### Task details
Quote the listing in full, exactly as given, minus any pictures.
------
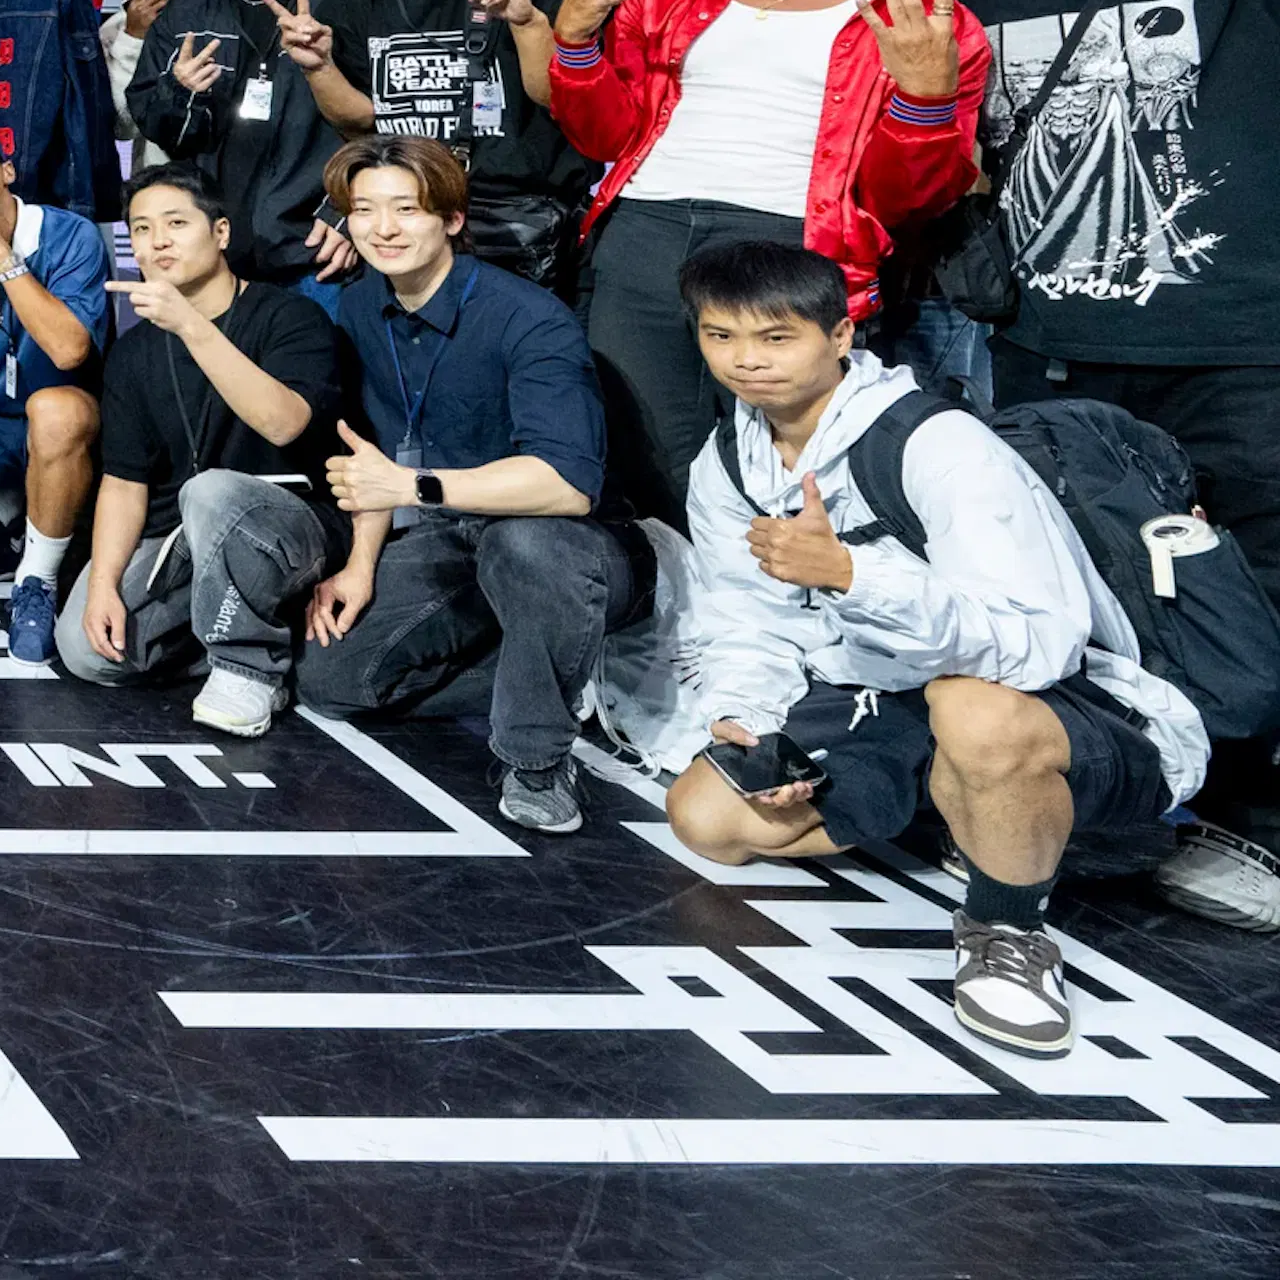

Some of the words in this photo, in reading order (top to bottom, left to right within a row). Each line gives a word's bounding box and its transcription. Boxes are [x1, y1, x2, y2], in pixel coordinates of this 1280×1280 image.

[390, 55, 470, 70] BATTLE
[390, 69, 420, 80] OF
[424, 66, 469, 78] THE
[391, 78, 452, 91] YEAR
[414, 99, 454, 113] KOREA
------
### Exercise result
Some of the words in this photo, in reading order (top to bottom, left to right within a row). Each line gives a word's bounding box and its transcription. Boxes are [x1, y1, x2, y2], in pixel coordinates of this 1280×1280 image.

[390, 55, 470, 70] BATTLE
[390, 69, 420, 80] OF
[424, 66, 469, 78] THE
[391, 78, 452, 91] YEAR
[414, 99, 454, 113] KOREA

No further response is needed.